■ Work item:
Repeat every line of the data exactly; no picture belongs in the copy.

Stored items
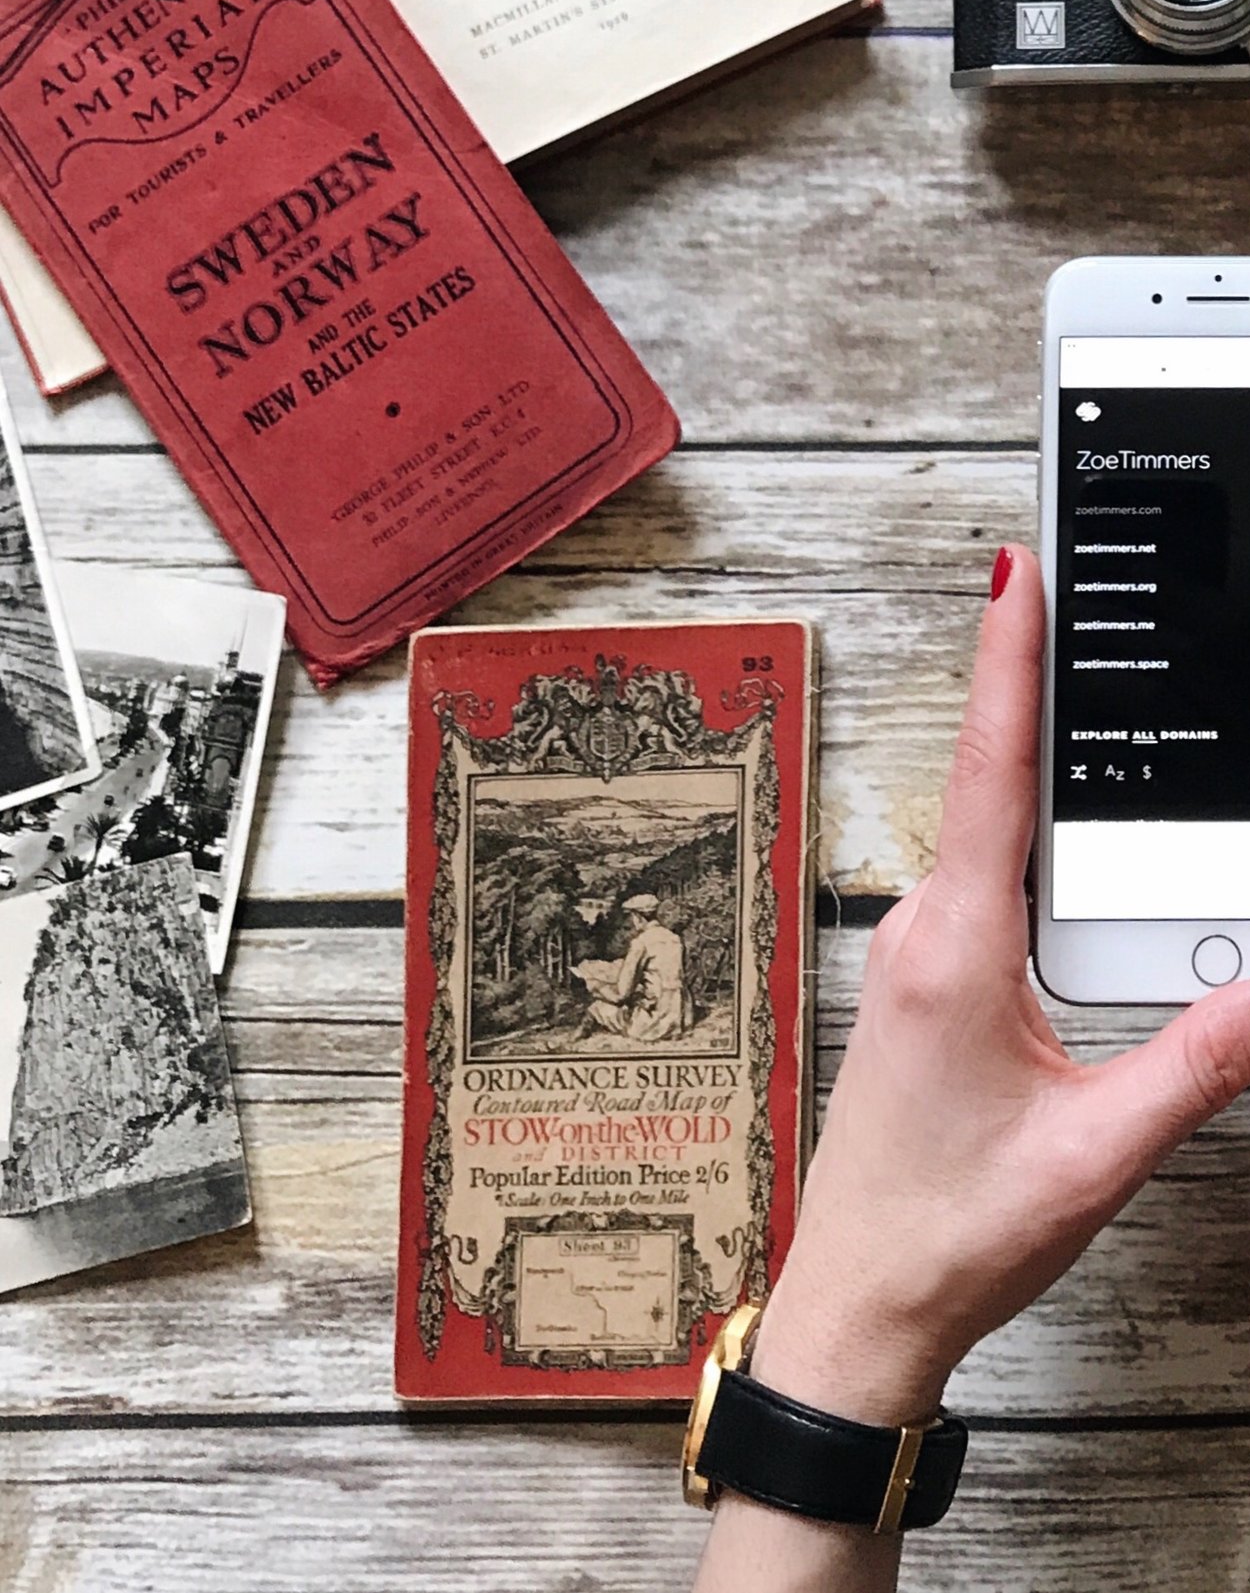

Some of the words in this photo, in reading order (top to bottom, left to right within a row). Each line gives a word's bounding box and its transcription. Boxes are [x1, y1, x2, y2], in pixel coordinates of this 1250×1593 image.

[508, 8, 584, 48] MARTIN'S
[131, 45, 241, 135] MAPS
[88, 204, 123, 236] FOR
[125, 143, 208, 206] TOURISTS
[233, 48, 343, 130] TRAVELLERS
[164, 131, 397, 313] SWEDEN
[271, 235, 321, 278] AND
[197, 191, 431, 379] NORWAY
[306, 324, 340, 355] AND
[342, 297, 377, 329] THE
[242, 382, 298, 436] NEW
[301, 324, 388, 397] BALTIC
[385, 265, 477, 339] STATES
[1075, 449, 1211, 471] ZoeTimmers
[1075, 506, 1162, 516] zoetimmers.com
[1073, 543, 1158, 554] zoetimmers.net
[1073, 580, 1158, 594] zoetimmers.org
[1073, 619, 1156, 631] zoetimmers.me
[741, 656, 775, 673] 93
[1072, 657, 1170, 670] zoetimmers.space
[1071, 730, 1129, 741] EXPLORE
[1132, 730, 1157, 741] ALL
[1159, 730, 1219, 741] DOMAINS
[463, 1064, 629, 1094] ORDNANCE
[635, 1063, 744, 1090] SURVEY
[472, 1092, 579, 1117] Contoured
[583, 1090, 647, 1116] Road
[649, 1089, 708, 1115] Map
[710, 1088, 739, 1114] of
[561, 1144, 688, 1163] DISTRICT
[469, 1165, 552, 1191] Popular
[554, 1164, 633, 1188] Edition
[637, 1163, 692, 1186] Price
[694, 1157, 731, 1195] 2/6
[656, 1189, 691, 1205] Mile
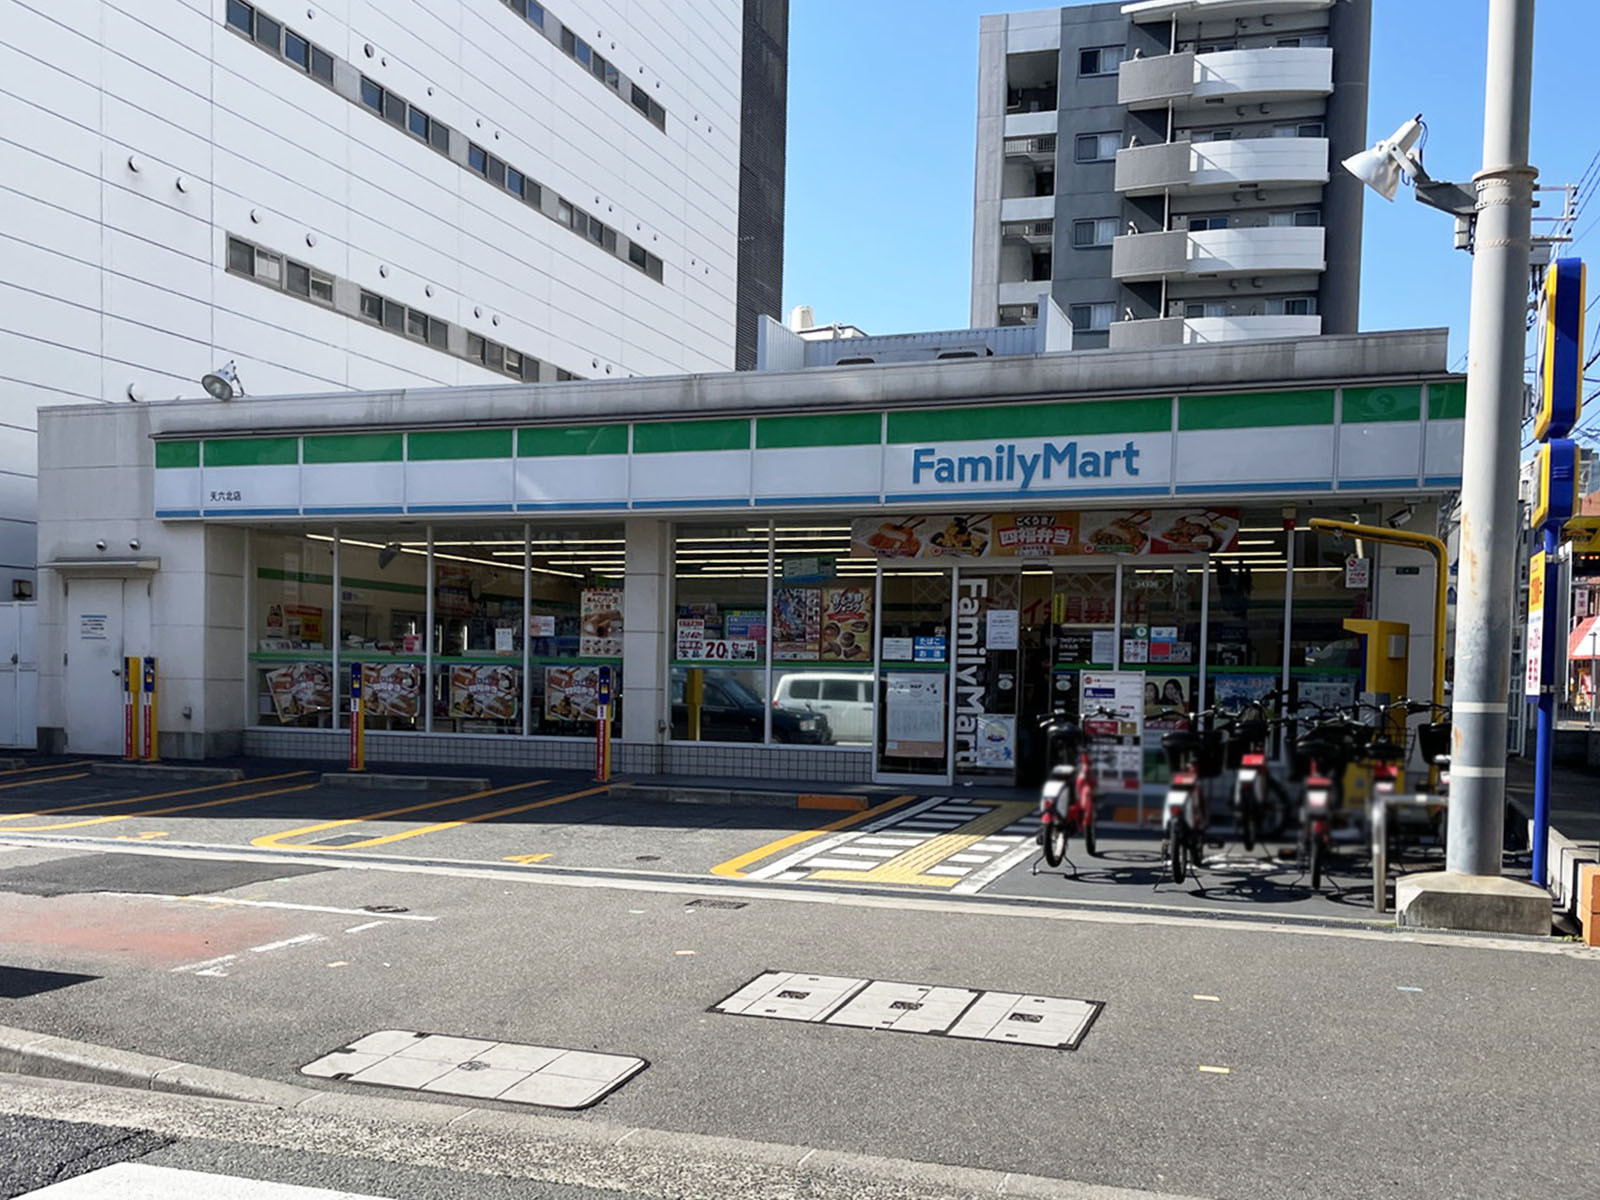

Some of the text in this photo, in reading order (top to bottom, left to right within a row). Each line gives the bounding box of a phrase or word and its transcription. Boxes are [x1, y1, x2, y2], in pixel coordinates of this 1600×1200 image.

■ Solution:
Some of the words in this photo, in reading order (top to bottom, left to right within a row). Each line gives a word's bounding box and its transcription. Boxes are [x1, y1, x2, y2], in pixel coordinates of this 1250×1593 image.

[508, 8, 584, 48] MARTIN'S
[131, 45, 241, 135] MAPS
[88, 204, 123, 236] FOR
[125, 143, 208, 206] TOURISTS
[233, 48, 343, 130] TRAVELLERS
[164, 131, 397, 313] SWEDEN
[271, 235, 321, 278] AND
[197, 191, 431, 379] NORWAY
[306, 324, 340, 355] AND
[342, 297, 377, 329] THE
[242, 382, 298, 436] NEW
[301, 324, 388, 397] BALTIC
[385, 265, 477, 339] STATES
[1075, 449, 1211, 471] ZoeTimmers
[1075, 506, 1162, 516] zoetimmers.com
[1073, 543, 1158, 554] zoetimmers.net
[1073, 580, 1158, 594] zoetimmers.org
[1073, 619, 1156, 631] zoetimmers.me
[741, 656, 775, 673] 93
[1072, 657, 1170, 670] zoetimmers.space
[1071, 730, 1129, 741] EXPLORE
[1132, 730, 1157, 741] ALL
[1159, 730, 1219, 741] DOMAINS
[463, 1064, 629, 1094] ORDNANCE
[635, 1063, 744, 1090] SURVEY
[472, 1092, 579, 1117] Contoured
[583, 1090, 647, 1116] Road
[649, 1089, 708, 1115] Map
[710, 1088, 739, 1114] of
[561, 1144, 688, 1163] DISTRICT
[469, 1165, 552, 1191] Popular
[554, 1164, 633, 1188] Edition
[637, 1163, 692, 1186] Price
[694, 1157, 731, 1195] 2/6
[656, 1189, 691, 1205] Mile

Some of the text in this photo, in reading order (top to bottom, left to right within a row). Each line gives the bounding box of a phrase or word and its transcription. Boxes are [x1, y1, x2, y2], in pixel coordinates of this 1600×1200 image.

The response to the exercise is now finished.